Selbstverständlich sah ich immer noch viele Hunde, die ausgeführt wurden. Aber mir schien, dass sie verändert waren. Sie wussten, dass etwas nicht stimmte. Die bedrückte Weise, wie sie dahintappten, die Stirn gerunzelt, den Kopf gesenkt. Was haben sie jetzt bloß wieder angestellt, schien jede Stirn zu sagen.
Eine junge Freundin missbilligte, dass ich so viel Zeit im Freien verbrachte.
Du darfst raus, um frische Luft zu schnappen, sagte sie.
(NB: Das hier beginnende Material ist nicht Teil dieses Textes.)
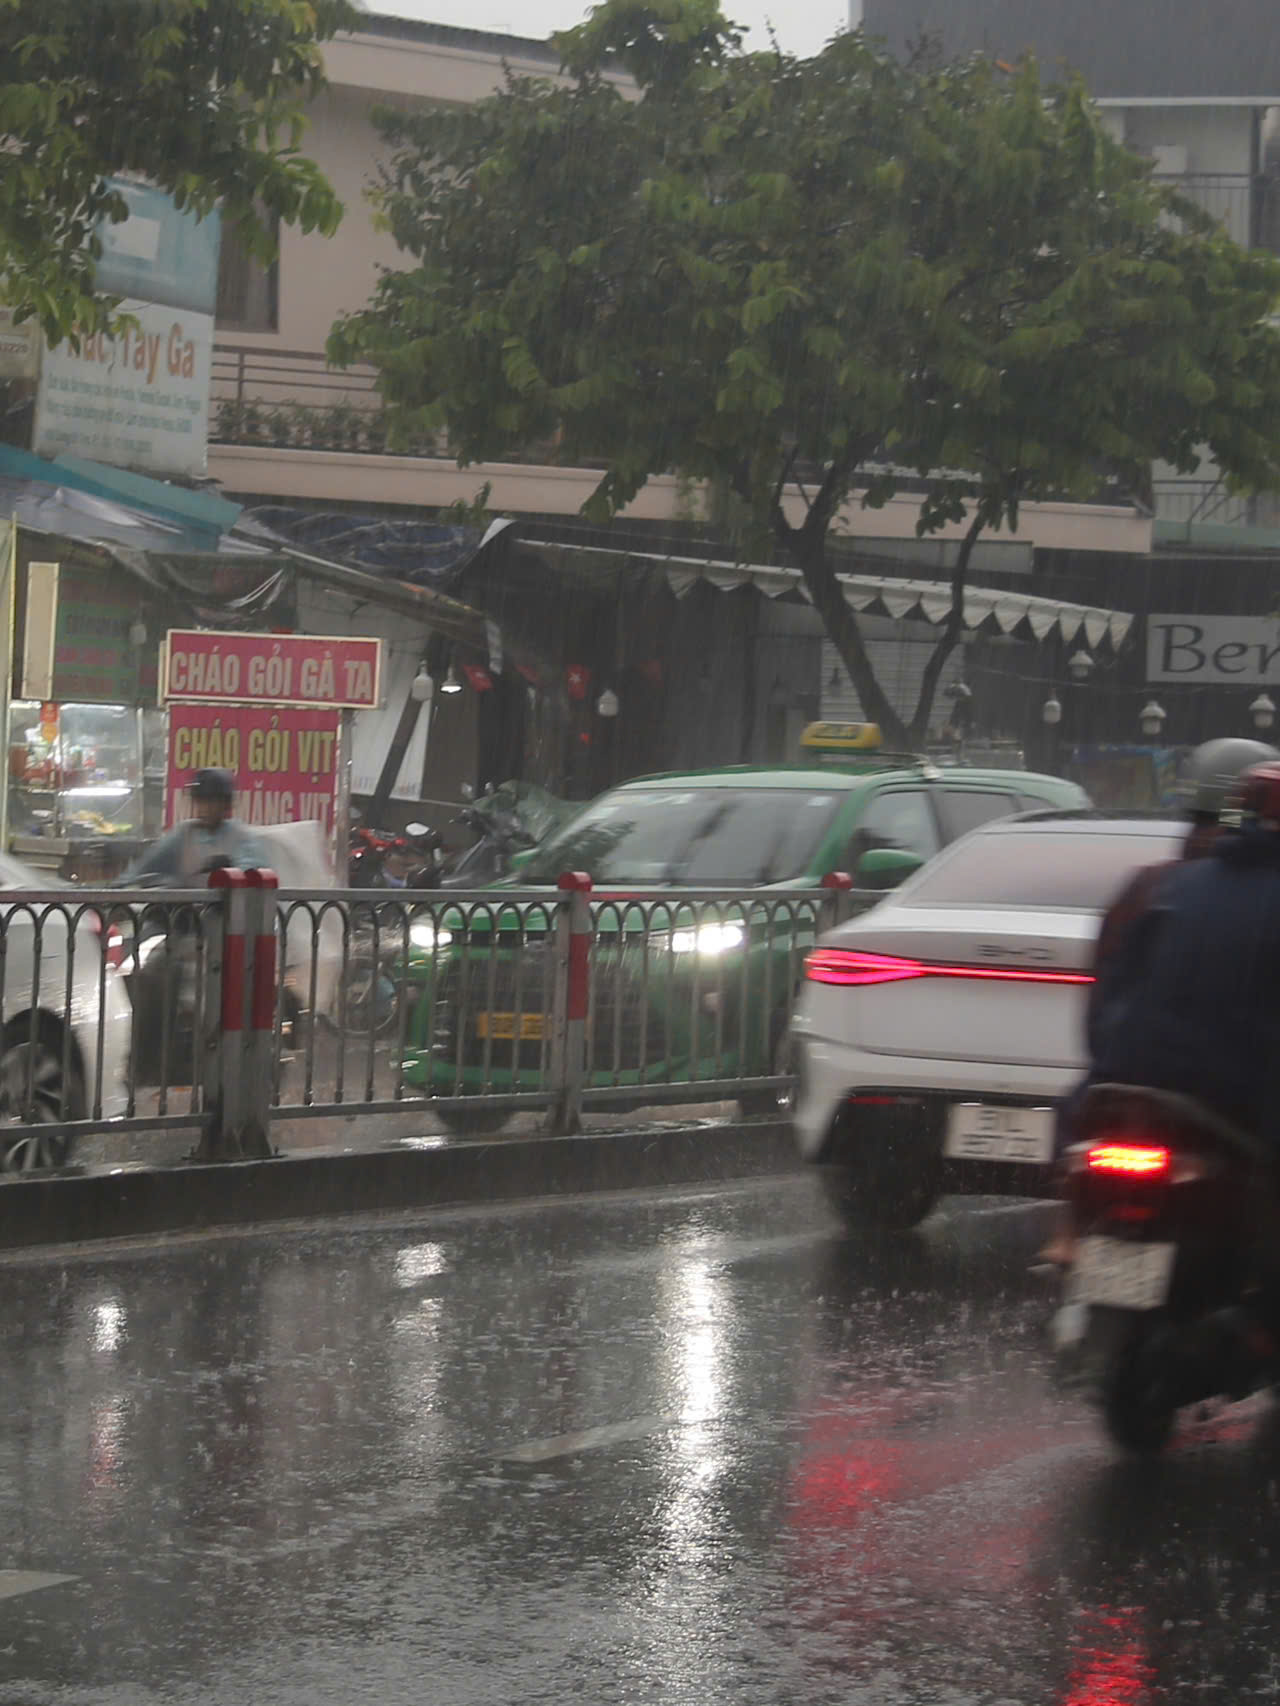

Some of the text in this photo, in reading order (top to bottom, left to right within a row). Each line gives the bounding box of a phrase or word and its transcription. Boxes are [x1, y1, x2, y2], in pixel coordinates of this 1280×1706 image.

Aber das heißt nicht, dass du stundenlang herumlaufen darfst.
Aber warum drückte sie es so aus, herumlaufen, als wäre ich eine schrullige, ziellos herumirrende alte Frau.
Ein kurzer Gang um den Block, zum Einkaufen, rein, raus, kein Trödeln. Bleib zu Hause. So lautet die Regel.
Stell dich nicht dumm, sagte sie. Du brichst die Regeln, und das weißt du auch.
Eine Vulnerable, nannte sie mich. Du gehörst zu einer vulnerablen Gruppe, sagte sie. Und du musst dich entsprechend verhalten.
Der Gouverneur von New York, der Mann, der die Regeln aufstellte, sah das wie sie.
Die sozialen Medien befeuerten die Geschichten von Frauen in Quarantäne, die masturbierten, während sie sich seine tägliche Pressekonferenz live im Fernsehen ansahen.
Heute Morgen eine E-Mail von einer Fremden, einer Frau, die sich über etwas, das ich geschrieben hatte, ärgerte. Es ist Schund, sagt sie. Jedes einzelne Wort.
Das kann nur heißen: Ich muss selbst Schund sein.
Wie diese andere Frau vor vielen Jahren, die mich kontaktierte, um ihren Ekel zum Ausdruck zu bringen, weil ich über zwei Figuren geschrieben hatte, die offenbar auf meinen Eltern basierten. Englisch war nicht ihre Muttersprache.
Nur kranke Person tut Mutter und Vater so unrecht, schrieb sie. Dafür Sie hoffentlich bestraft.
Ich mag diese wahre Geschichte über einen Schriftsteller, der eine erfundene Figur nach jemandem gestalten wollte, den er kannte. Er veränderte sie, sie hatte zum Beispiel einen Kurzhaarschnitt statt des Pagenschnitts, den das Vorbild aus dem echten Leben seit der High School trug, und eine Cat-Eye-Brille mit einer auffälligen Schildpattfassung. Obwohl die reale Frau kinderlos war, hatte sie im Buch einen Sohn Mitte zwanzig.
Ein paar Wochen bevor das Buch erschien, hatte die Frau so trockene Augen, dass sie ihre Kontaktlinsen nicht mehr tragen konnte. Als Brille entschied sie sich, unnötig zu erwähnen, für ein Cat-Eye-Modell mit Schildpattfassung. Da sie nicht mehr jung war...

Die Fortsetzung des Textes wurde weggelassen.